Representatives from civil society organizations and hundreds of locals from Taungup and surrounding townships staged a protest on Sunday against the quarry, operated in a joint venture by Vietnamese firms Simco and Song Da, and expected to export up to 7850 metric tons of marble each year for the next two decades.
Zeya Kyaw, a representative of the Arakan Social Network’s Taungup chapter, told The Irrawaddy that the project had failed to deliver benefits to local people and damaged the area’s delicate ecological balance.
“Rather than exporting these valuable, scarce resources as raw materials, we’d like [the government] to develop ecotourism,” he said.

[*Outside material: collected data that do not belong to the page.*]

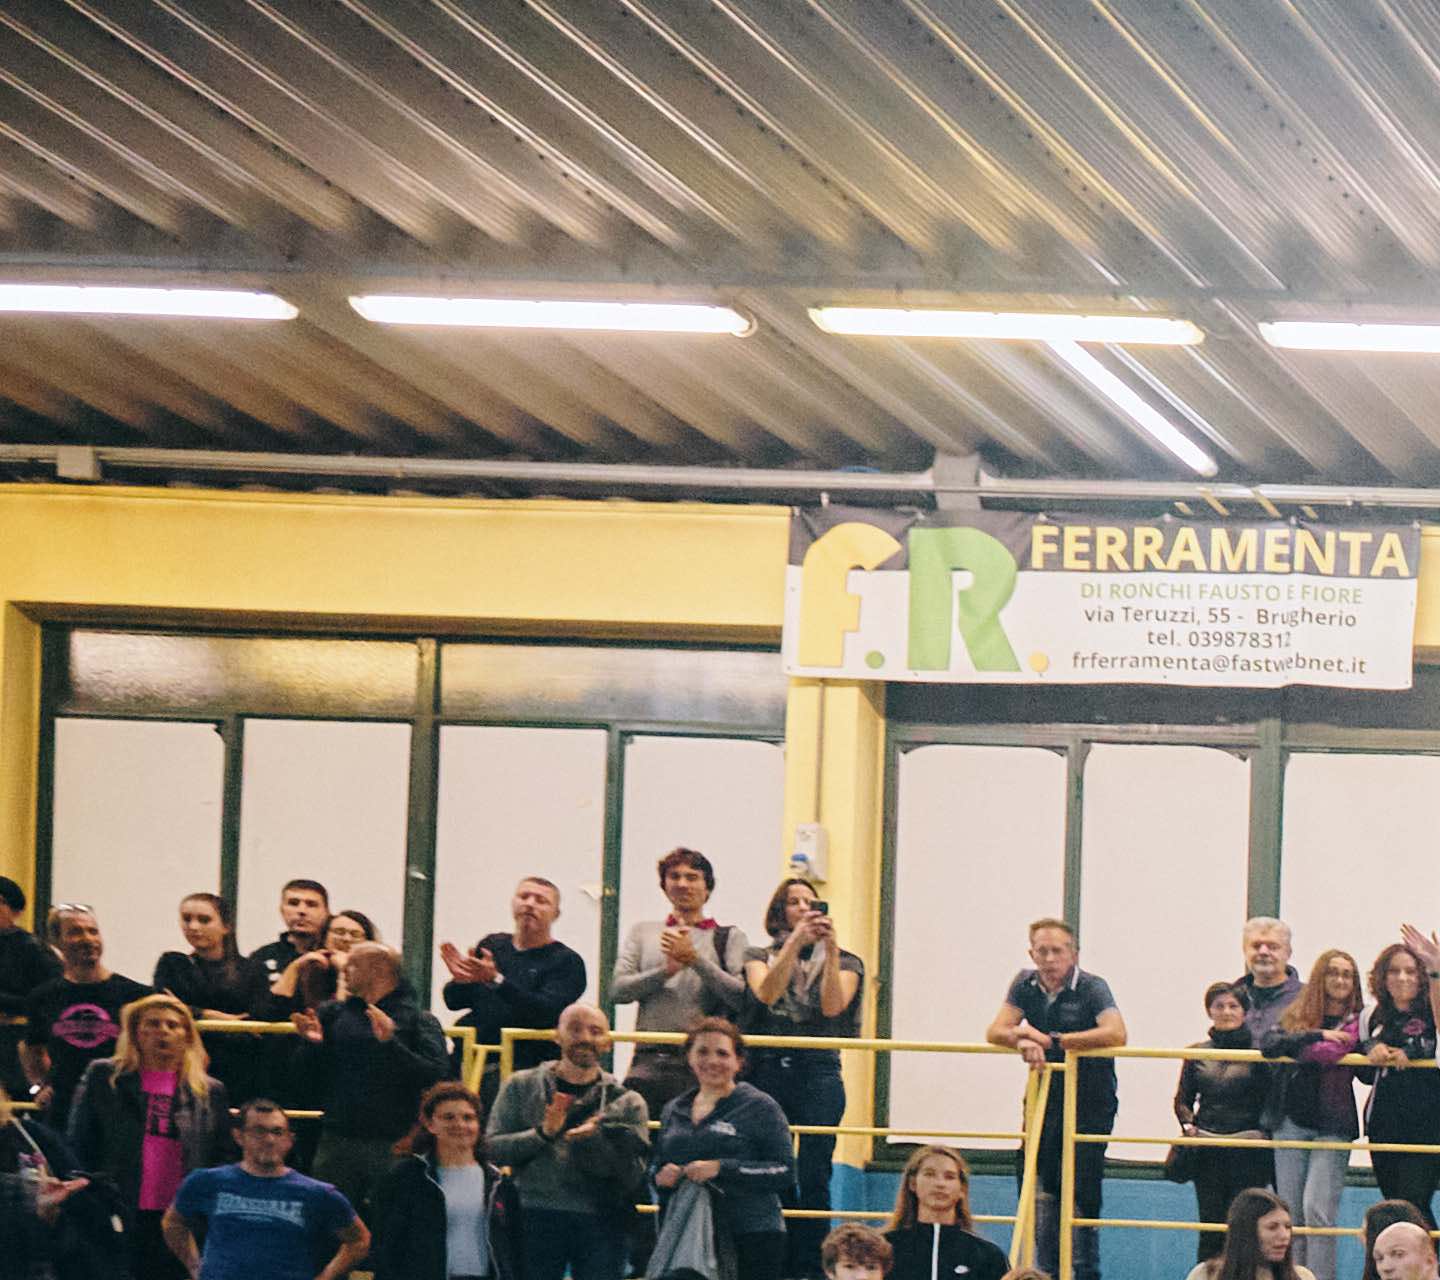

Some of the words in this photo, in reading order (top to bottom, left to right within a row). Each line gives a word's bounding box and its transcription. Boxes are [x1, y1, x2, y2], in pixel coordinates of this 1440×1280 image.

[1031, 525, 1410, 578] FERRAMENTA
[1080, 583, 1102, 599] DI
[1109, 583, 1191, 600] RONCHI
[1199, 584, 1281, 602] FAUSTO
[1287, 585, 1296, 600] E
[1302, 585, 1364, 605] FIORE
[1084, 606, 1115, 623] via
[1120, 606, 1201, 626] Teruzzi,
[1208, 607, 1231, 624] 55
[1256, 607, 1357, 628] Brugherio
[1147, 629, 1181, 647] tel.
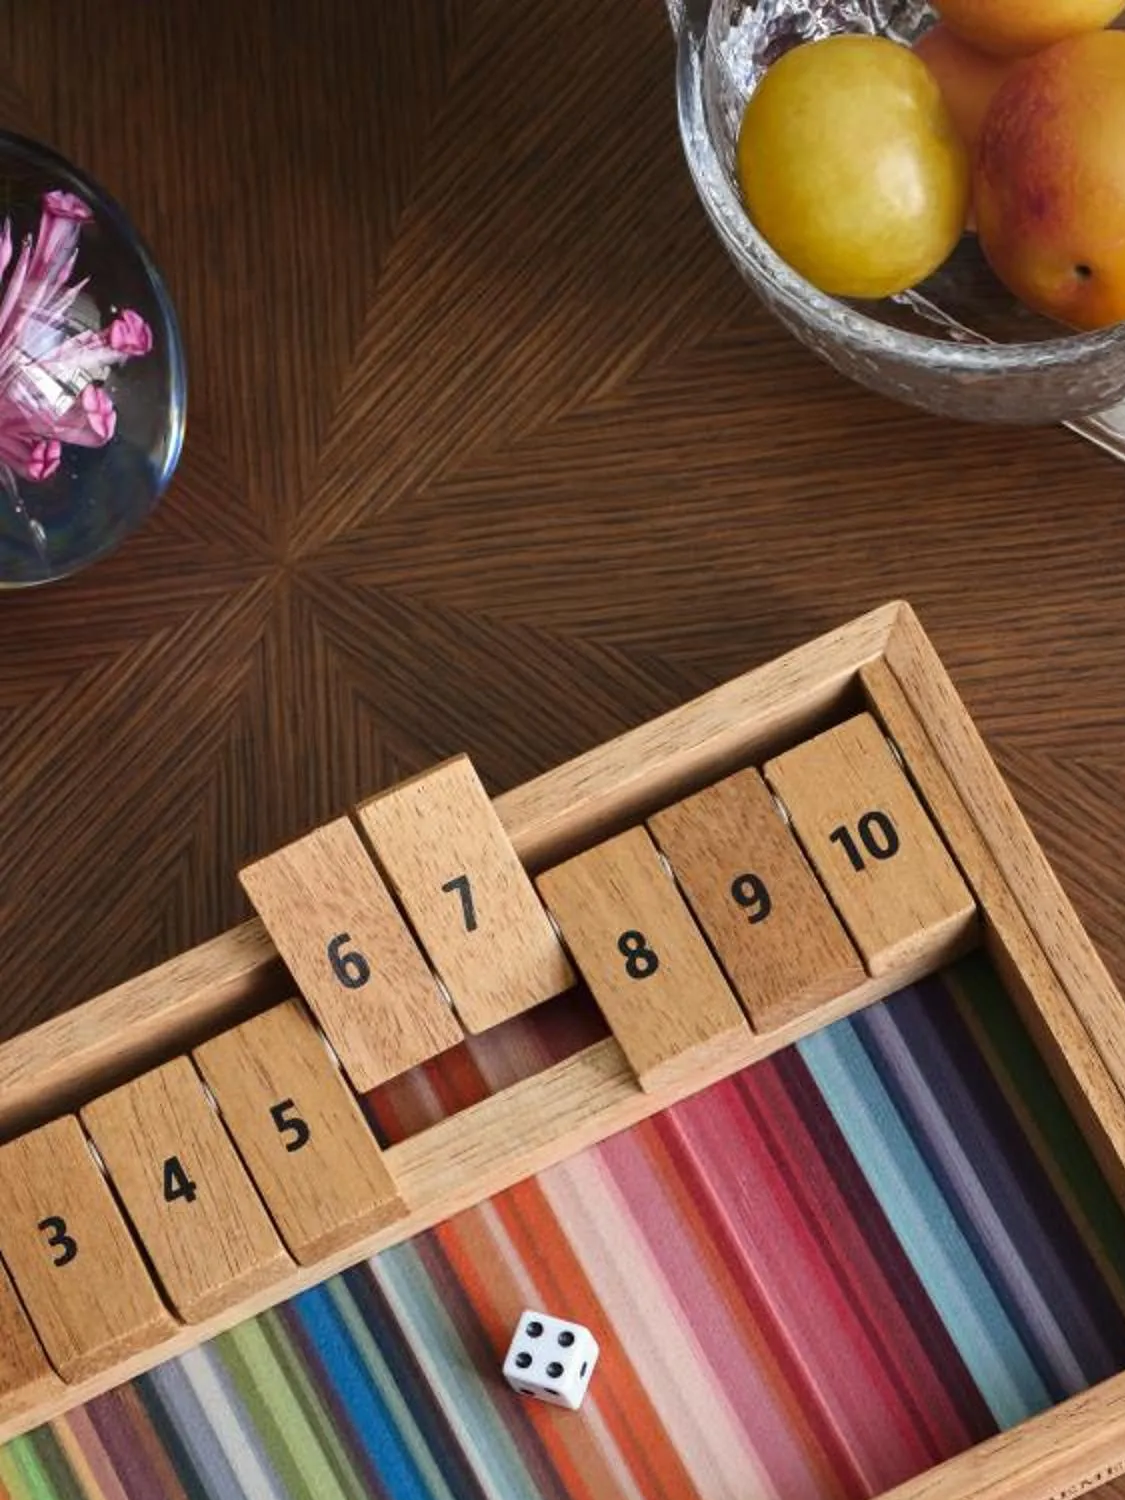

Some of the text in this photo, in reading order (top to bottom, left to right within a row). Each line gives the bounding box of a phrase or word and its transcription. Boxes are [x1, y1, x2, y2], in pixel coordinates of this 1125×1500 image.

The protesters are planning to petition the state and Union governments and the Vietnamese Embassy in Rangoon within the next month, and said they will stage protests across Arakan State if a formal response is not forthcoming.
Simco and Song Da signed a deal with the Union government in 2012 granting mineral rights over the Mt. Naypu concession until 2033. Arakan State Industry Minister Aung Than Tin told The Irrawaddy he expects a new deal will be signed with the company upon the conclusion of the original lease.
State lawmaker Aung Mya Kyaw told a session of the Arakan parliament in Mar. 2013 that locals had no prior knowledge of the project, which had been negotiated and approved without any semblance of transparency.